In order to provide effective patient treatment, accurate imaging of disease physiology and biology is a necessity, particularly in the field of oncology.
Currently, a variety of imaging modalities are available for disease staging and monitoring, including ultrasound, CT, MRI and PET. Whereas ultrasound and CT mainly focus on visualising anatomy, MRI also offers the possibility to provide physiological information. Likewise, PET is unprecedented in its ability to acquire biological information. As such, both MRI and PET – increasingly being combined into one apparatus – are emerging as multi-potent imaging modalities and offer great possibilities for medical imaging and clinical research.

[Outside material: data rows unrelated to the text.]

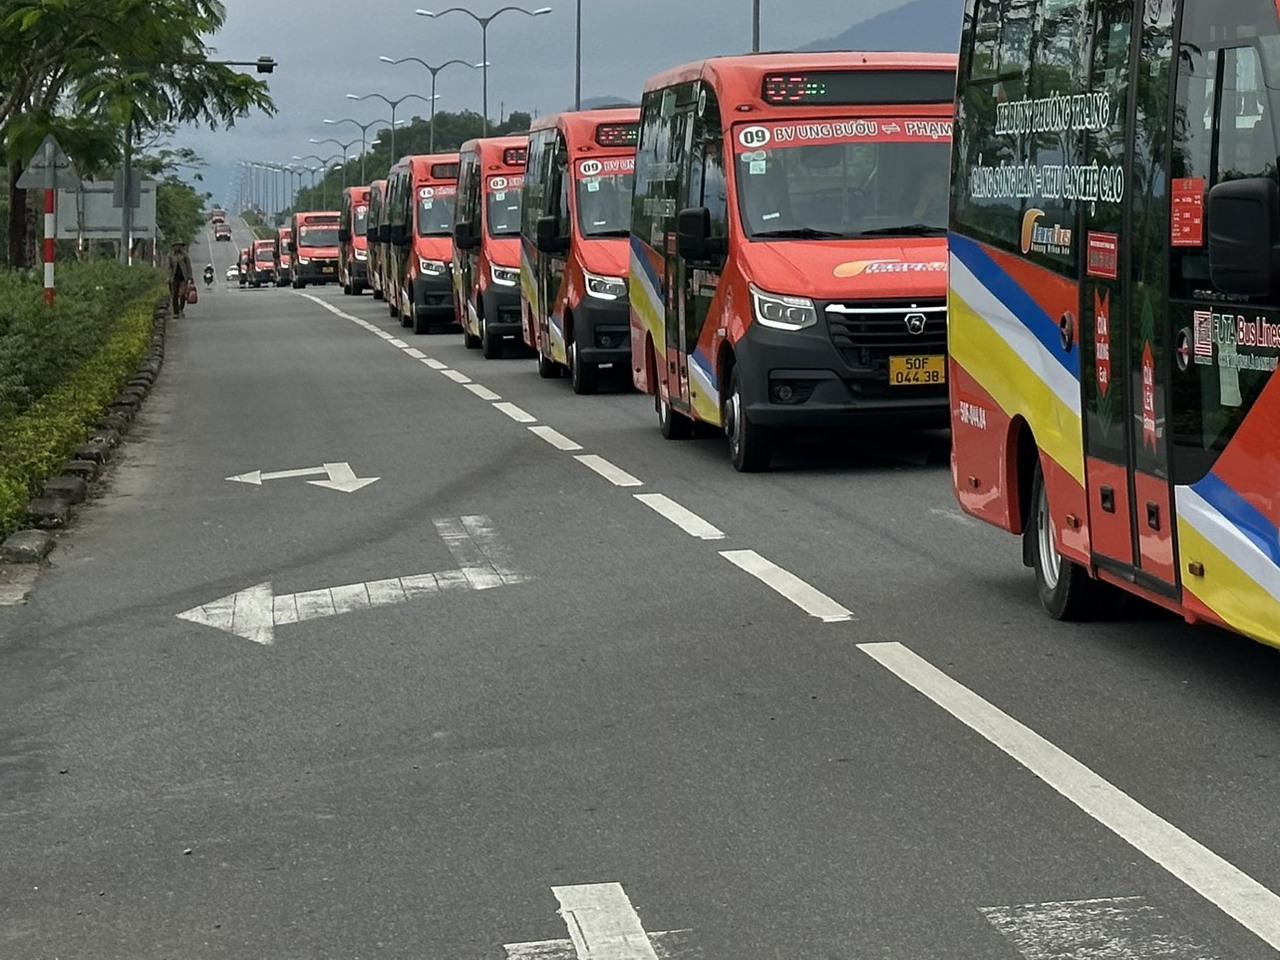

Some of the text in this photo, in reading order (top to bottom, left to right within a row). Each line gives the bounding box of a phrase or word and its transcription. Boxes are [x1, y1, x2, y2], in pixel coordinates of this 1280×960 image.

[743, 129, 767, 144] 09
[773, 126, 796, 142] BV
[798, 124, 832, 139] UNG
[583, 163, 599, 173] 09
[1100, 166, 1125, 203] CAO
[1212, 313, 1237, 344] FUTA
[1237, 315, 1256, 347] Bus
[906, 357, 929, 370] 50F
[896, 370, 939, 384] 044.38

To optimally benefit from the favourable features of both imaging techniques, CBNS researchers have been incorporating MRI and/or PET functionalities into novel (radio) pharmaceutical nanoparticles.

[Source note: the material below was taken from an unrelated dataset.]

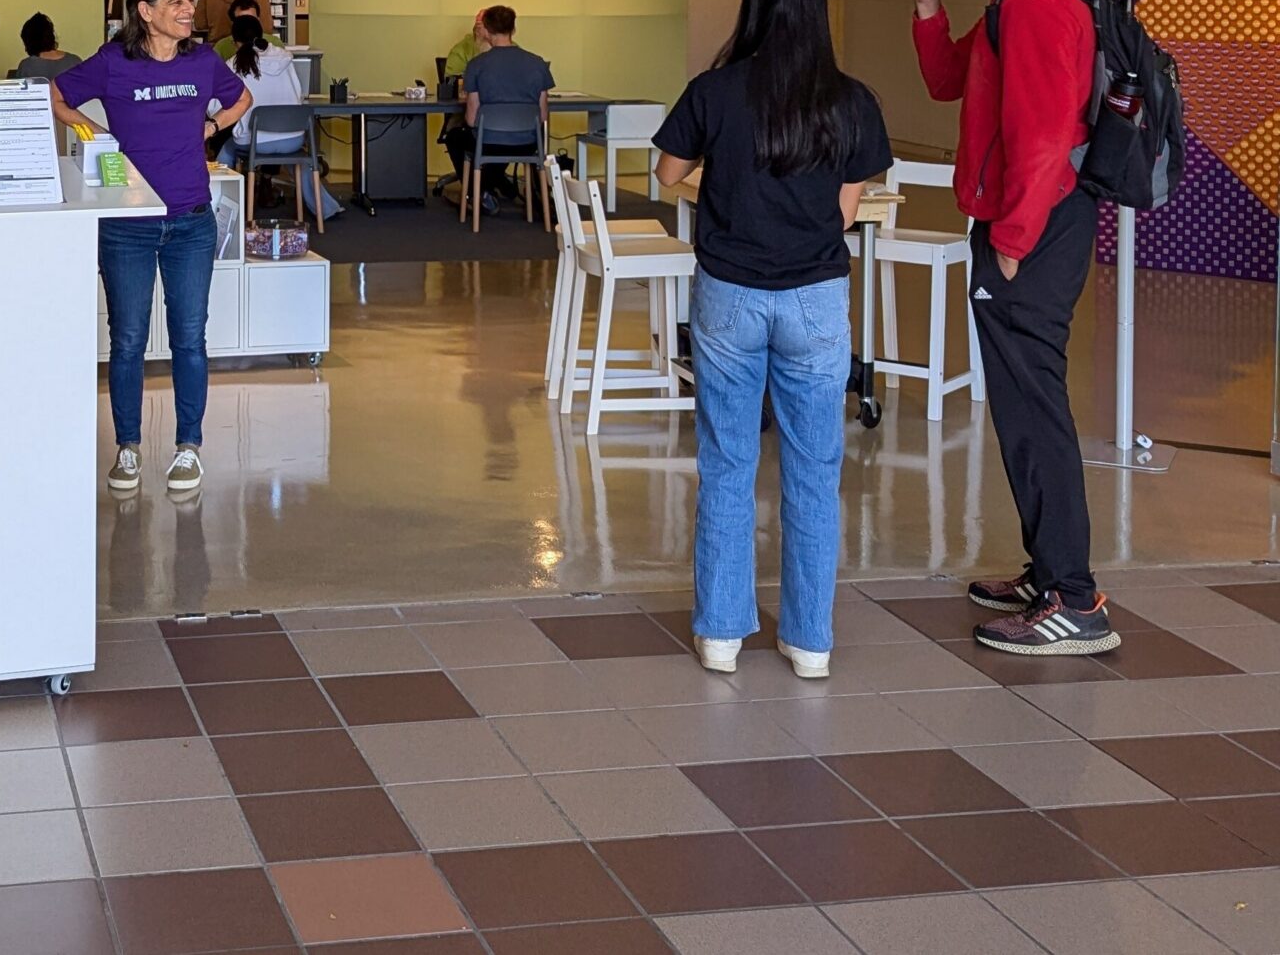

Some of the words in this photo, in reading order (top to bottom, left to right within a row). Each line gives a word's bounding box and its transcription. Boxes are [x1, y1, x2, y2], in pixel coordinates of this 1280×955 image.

[134, 87, 151, 101] M
[155, 86, 177, 99] UMICH
[177, 85, 198, 97] VOTES

Nanoparticles are a highly desirable platform for the development of so-called ‘intelligent’ imaging agents.
Intelligent imaging agents are sensitive to microenvironmental-dependent stimuli, such as subtle changes in pH or temperature, and may have tuneable properties that enable disease or tissue-specific targeting.
Advantageous properties of nanoparticles include their ability to become functionalised with one or more targeting molecules (e.g. antibodies) at a wide range of densities, their potential to enhance imaging intensity by including a large number of imaging moieties within a single nanoparticle at predetermined ratios and their tuneable size and shape, which optimises biodistribution and enhances accumulation via the enhanced permeability and retention effect in tumours.